Garapedian earned her Ph.D. in international relations at the prestigious London School of Economics, before cutting her teeth as a correspondent for NBC and later being swept up by the BBC as a director and anchor.
Screamers, features the music and live concert footage of the multi-platinum, heavy-metal rock band System of a Down, combining the personal testimony of genocide survivors and historians, the haunting images of the victims of genocide, and the heart-pounding energy and message of System of a Down’s music. It presents an unforgettable and captivating lesson in genocide that even the LA Times calls, “Eye-opening.”
What is a screamer?

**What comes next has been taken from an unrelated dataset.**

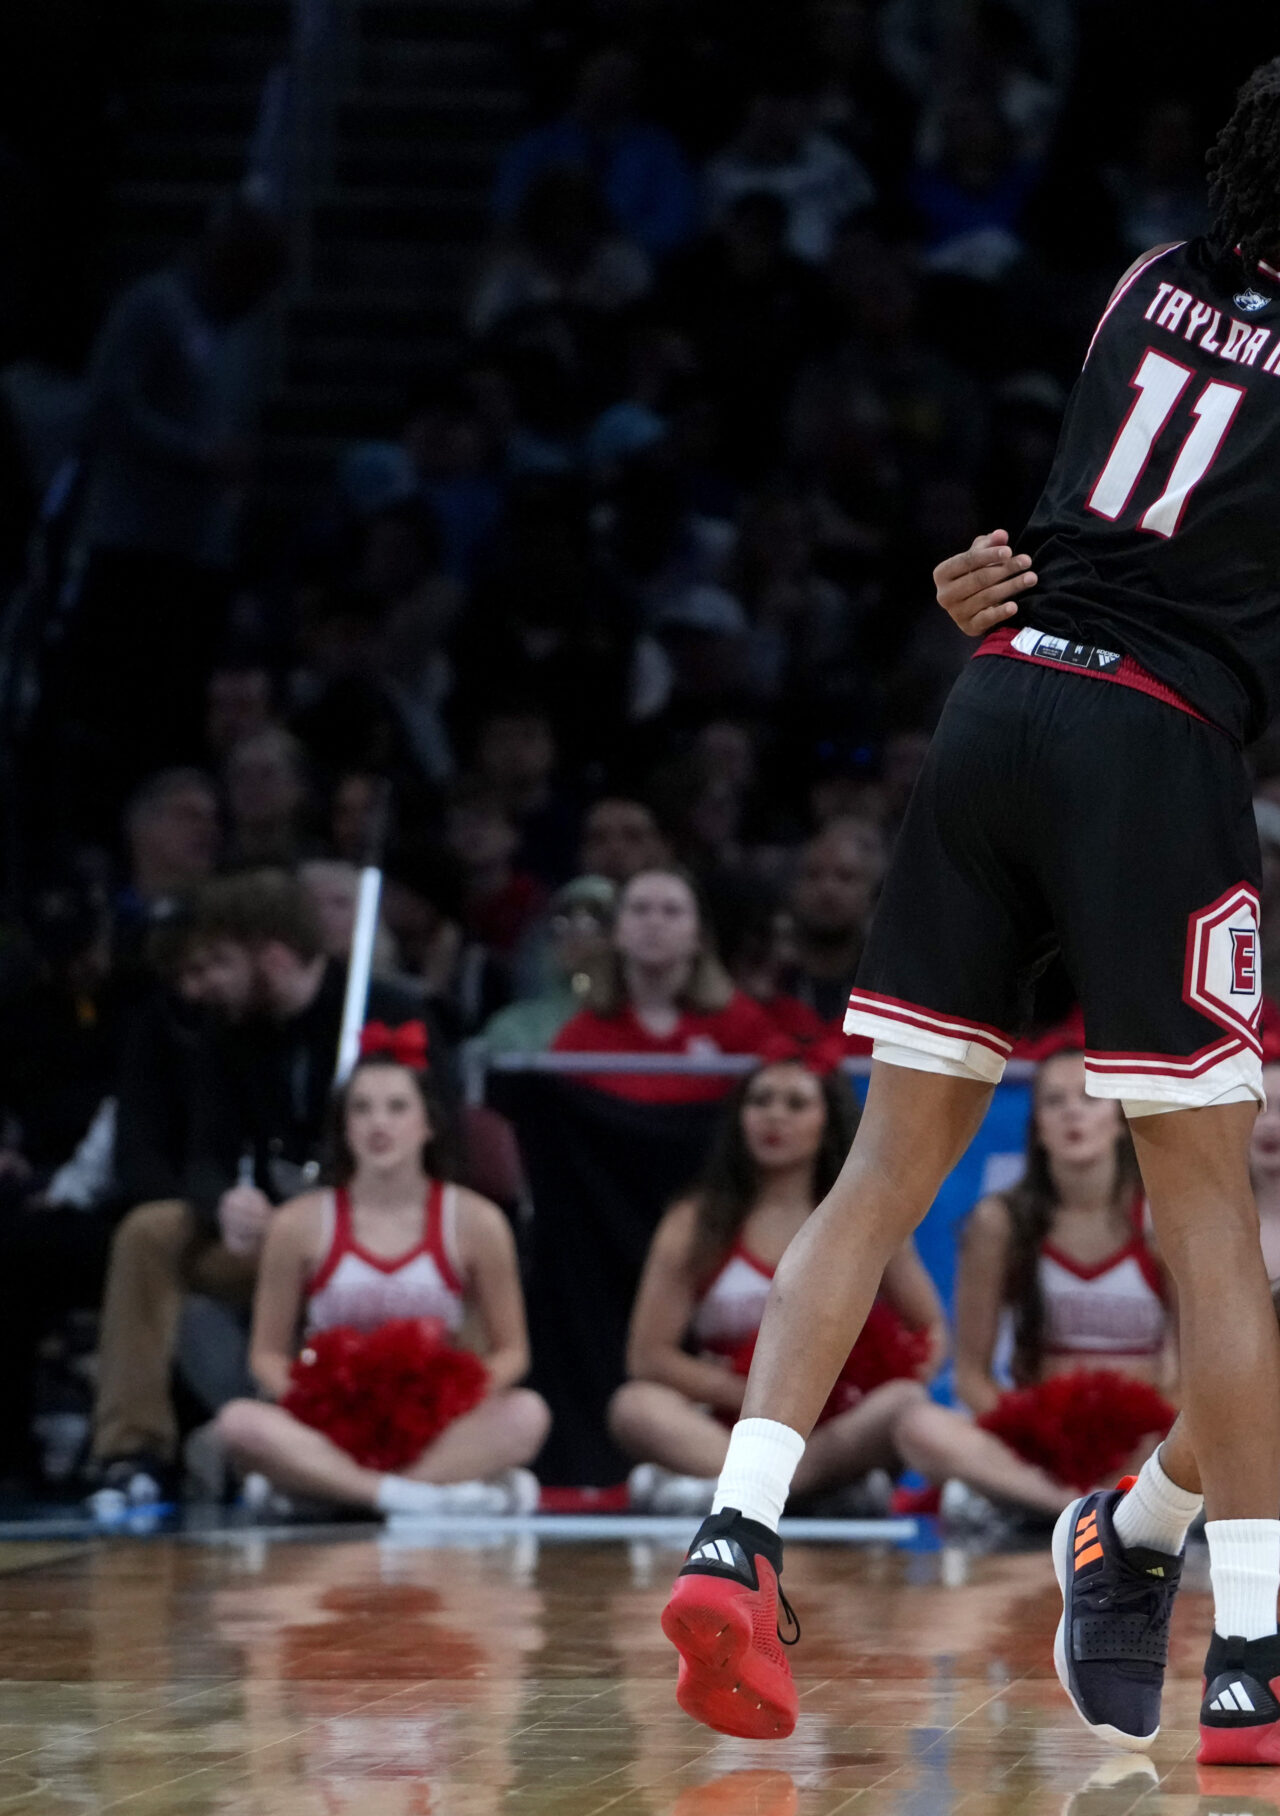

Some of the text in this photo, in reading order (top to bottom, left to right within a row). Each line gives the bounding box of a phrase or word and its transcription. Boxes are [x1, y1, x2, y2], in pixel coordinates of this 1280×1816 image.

According to Pulitzer-Prize-winning Harvard Professor Samantha Power, screamers are people who throughout history refuse to stand idly by and watch genocides unfold. Power, the author of A Problem from Hell: America and the Age of Genocide, is featured throughout Garapedian’s film, and has shown the connection between the Armenian genocide (the first genocide of the 20th century) and the subsequent genocides that followed in the 20th and 21st centuries. When asked the question, “Why do genocides continue in the 21st century?” Garapedian responded, “Because those who perpetrated them in the 20th century got away with it.”
Screamers, which centers around Tankian’s journey, shows how Tankian’s grandfather Stepan Haytayan, a 96 year-old survivor of the Armenian genocide, inspired him to fight against the injustice of the Armenian genocide, being dismissed by both the Turkish government and the United States government. In addition to Haytayan’s testimony, Garapedian presents the horrific testimony of two other genocide survivors: Maritza Ohanesian and Verjin Mempreian, each of whom tell their own heart-wrenching stories of how their family members were slaughtered by Ottoman soldiers.

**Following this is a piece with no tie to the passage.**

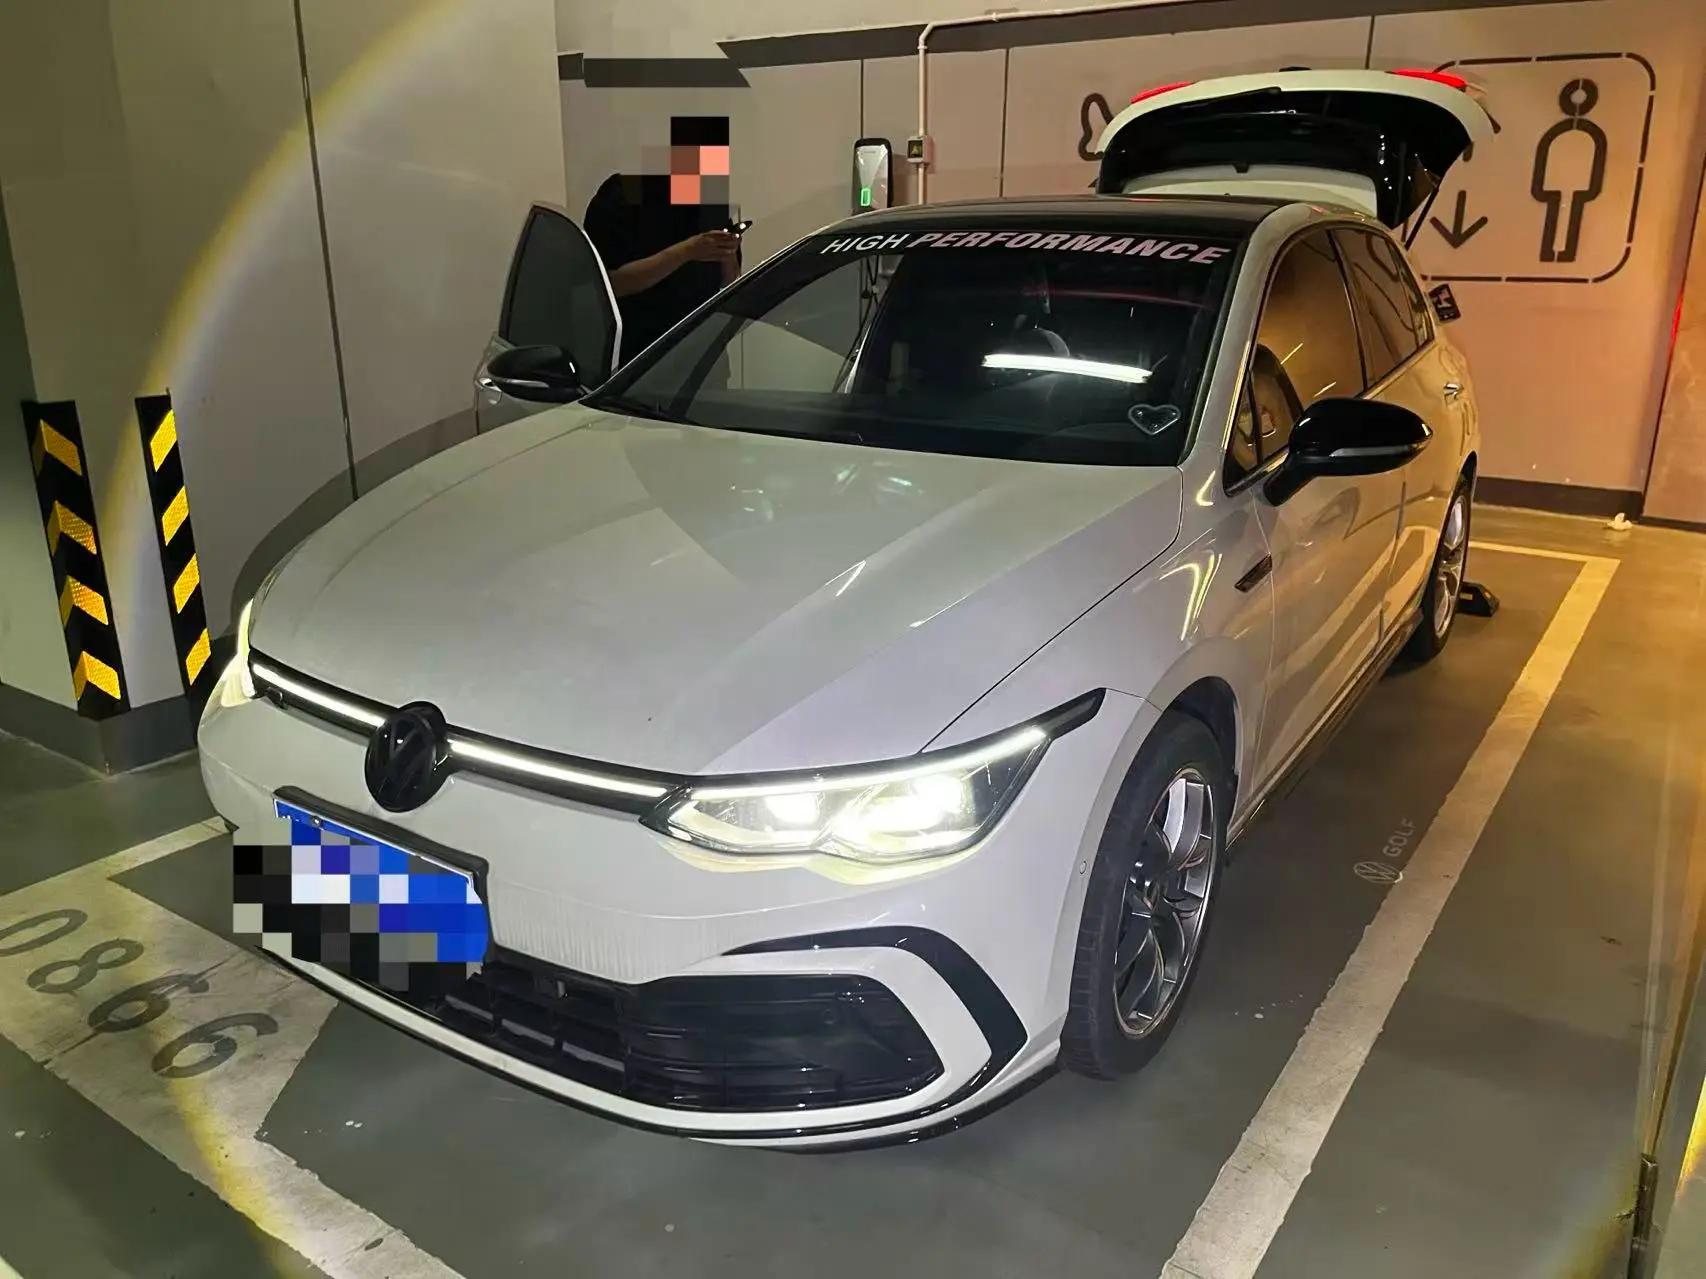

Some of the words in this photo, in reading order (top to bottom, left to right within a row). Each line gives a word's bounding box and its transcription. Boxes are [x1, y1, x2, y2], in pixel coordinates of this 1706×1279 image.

To present the unbiased historical facts, Garapedian gathered testimony and footage from Turkish historian and dissident Taner Akçam, former FBI Turkish translator and whistle-blower Sibel Edmonds, historian Ara Sarafian (Gomidas Institute), and the late Hrant Dink (editor of Agos weekly newspaper, Istanbul). The film shows how the current government of Turkey, not only denies, but also attempts to imprison anyone who dares to speak publicly about the genocide. It is through a controversial law, titled Article 301, that Turkey has tried to make the discussion of the issue of the Armenian genocide a taboo subject within Turkey. By prosecuting scholars like Akçam and Orhan Pamuk, based on comments they have made about the Armenian genocide, Turkey has been able to control what its own citizens know or do not know about their own history.
Garapedian’s film also shows how the Turkish government has continually tried to prevent its world-wide image from being tarnished by misusing its political power. The film focuses its attention on former Speaker of the United States House of Representatives, Dennis Hastert. It shows Tankian and System of a Down drummer John Dolmayan confronting Hastert on his political stance on the pending House Genocide Resolution. The band members encouraged Hastert to, “Do the right thing.” However, Hastert, who has allegedly been at the center of a bribery scandal with Turkey over the Armenian genocide recognition initiatives, did not do the right thing after all.
Screamers is not just a documentary about the Armenian genocide, but of all genocides. The film concludes by displaying the numbers of individuals killed in genocides during the last two centuries. “Armenia, 1.5 million dead; The Holocaust, 6 million dead; Cambodia, 2 million dead; Rwanda, 800,000 dead; Bosnia, 200,000 dead; Darfur, 400,000 dead…and counting.”
The world needs more screamers in order to prevent additional killings. Serj Tankian and System of a Down are screamers. Carla Garapedian is a screamer. I also agree with Serj Tankian’s statement at the end of the film, when he said, “I think we should all be screamers.”